You can begin this strategic process by learning how an audience relates to your specific topic and delivering your message in such a way that allows your audience to experience themselves within the message you present. You speak to your audience one person at a time; so think of your presentation as an intimate conversation with a friend, not a lecture to thousands. This key point is critical for your success whether you communicate on the radio, television, before a live audience, with a customer, or with an employee.

The word “intimate” provides your key to connection, and specific segments of your presentation must be tied together to accomplish this. Your audience hears in a particular language, and to become an effective, results-oriented communicator, you must learn to speak that precise language. Learning to have an intimate conversation with your audience begins with an approach: Learn how to speak to your audience, not at them. Lecturing and explaining will only cause your audience to get lost daydreaming.

I once worked with a client who owns a large adoption agency in northern California. She sent me a copy of a TV interview she had done the week before. She had intended to target her message to women experiencing an unwanted pregnancy. On the video, she explained to the host, let me repeat that; to the host “Women with unwanted pregnancies have specific challenges. They are burdened with the stress and fears of the unknown.” And the list went on.

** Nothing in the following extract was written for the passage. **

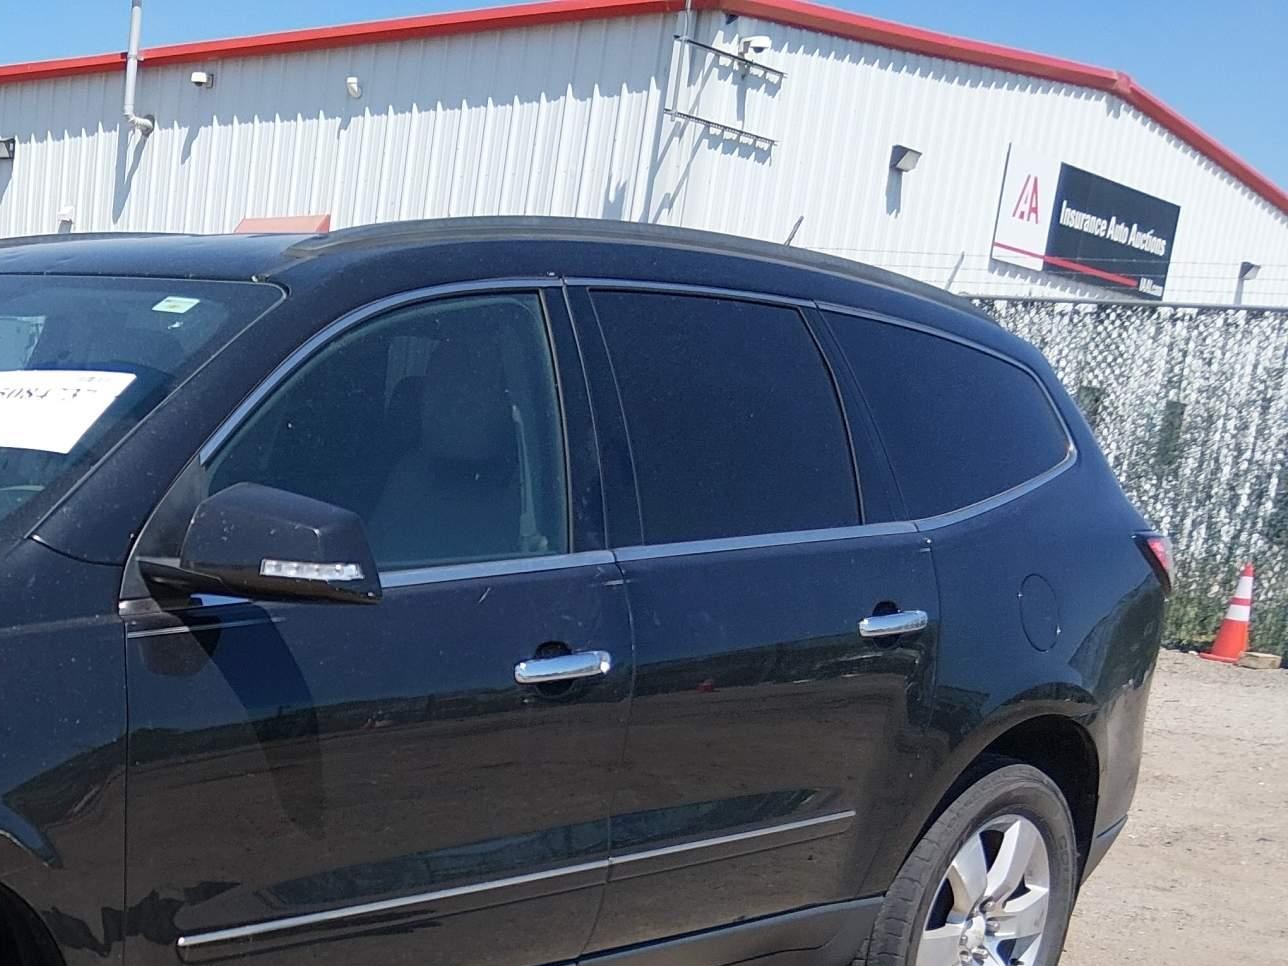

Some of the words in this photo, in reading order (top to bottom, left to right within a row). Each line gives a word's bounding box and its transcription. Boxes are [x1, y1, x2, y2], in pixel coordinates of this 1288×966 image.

For her next interview, I suggested that she say to the host, whether it is a man or a woman, “I am now going to wave my magic wand. You are now a woman with an unwanted pregnancy.” The host will laugh, but will say, “Yes.” Next she should say, “When you are frightened and you have nowhere to turn, when you are so stressed and you can’t find an answer” She is now talking directly through the host to that person in the audience who is sitting in the dark without an answer. Or; she is talking to a person who knows someone in that situation. The host now becomes a conduit.

Again, now she is not talking to the host. She is talking through and she produced some great adoptions from this technique. Why? Because her target audience recognized themselves in what she was saying, now she made it personal. This is the difference between talking to your audience and not at your audience. The now message becomes personal!